Demalion frowned but hesitated.

“So . . . I’m sorry for yelling at you earlier.” If she’d thought she could manage it, she would have tried for a winsome smile. But tiredness made it an impossible effort.

“What do you want?” he asked. Noncommittal, still looking toward the condominium, still ruffled by her amusement at Dunne’s justice.

“A ride,” she said. “Suburbia’s not my thing.”

“Where to?”

“Haven’t decided yet.”

“Your hotel?”

“Cash-flow problems. Stayed with Tish last night. Not an option tonight.”
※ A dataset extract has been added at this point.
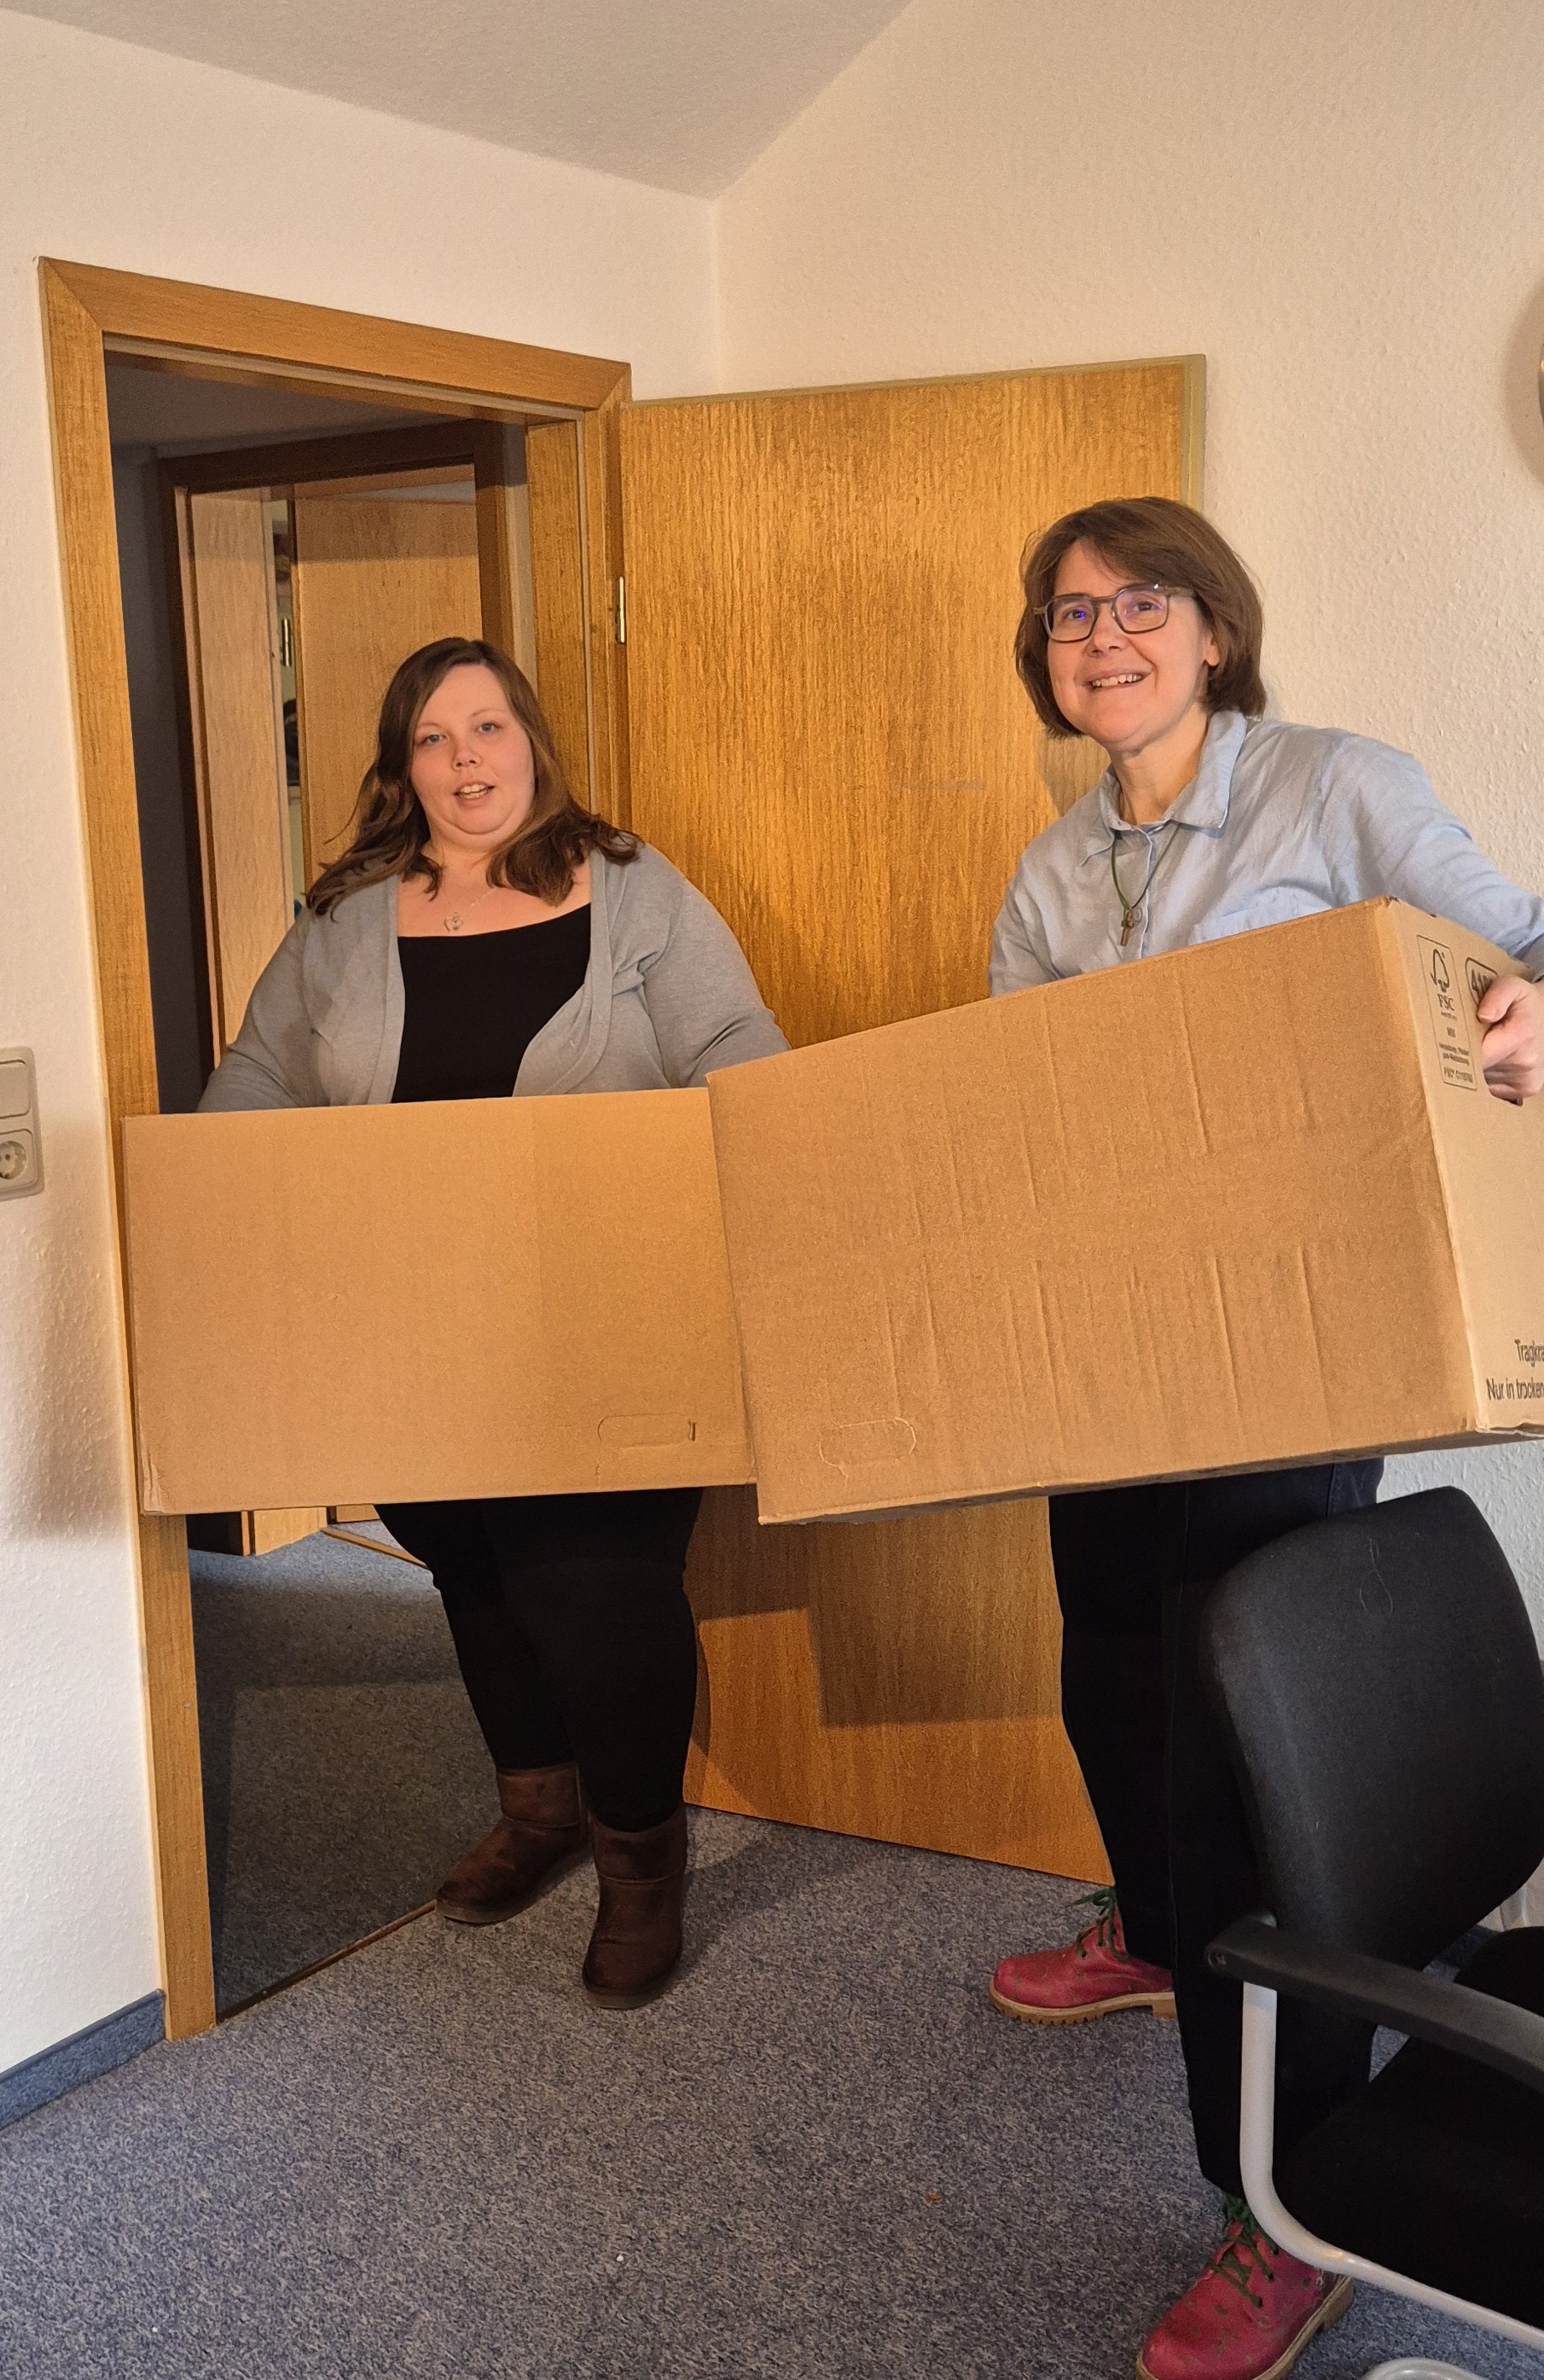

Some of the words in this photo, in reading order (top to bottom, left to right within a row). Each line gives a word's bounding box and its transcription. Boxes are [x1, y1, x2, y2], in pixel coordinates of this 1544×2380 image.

“Fine,” he said, held out his hand. She let him pull her up, wincing as her ribs shifted.

“Doctor?” he asked.

“Some strapping might be nice,” she said. He slid an arm around her waist, and she let him, leaned her aching head on his shoulder. She wondered if his mother was watching from above, clawing at the walls. She tried not to smirk.

“You need to be more careful,” he said, as they made their way across the lot to his car.

“I’m always careful.”

“Yeah, in a way that would make a drunk stuntman blanch.”

She pulled away from him, climbed into the car. “Just shut up and drive,” she said, sinking into the passenger seat and sulking.

“It’s a good thing I like you,” he said.

“A very good thing,” she agreed. After all, she was in no shape for another fight. She closed her eyes for a minute, then said, “You want to upgrade that detente of ours to a truce?”

“Depends. You going to run out on me again?”

“No,” she said.

“Then very much,” he said. “Not only for our sakes. I think this mess may take both of us. I think I’ve followed your path. Brandon Wolf was kidnapped to get to Dunne’s power and immortality. And immortality’s a powerful lure.”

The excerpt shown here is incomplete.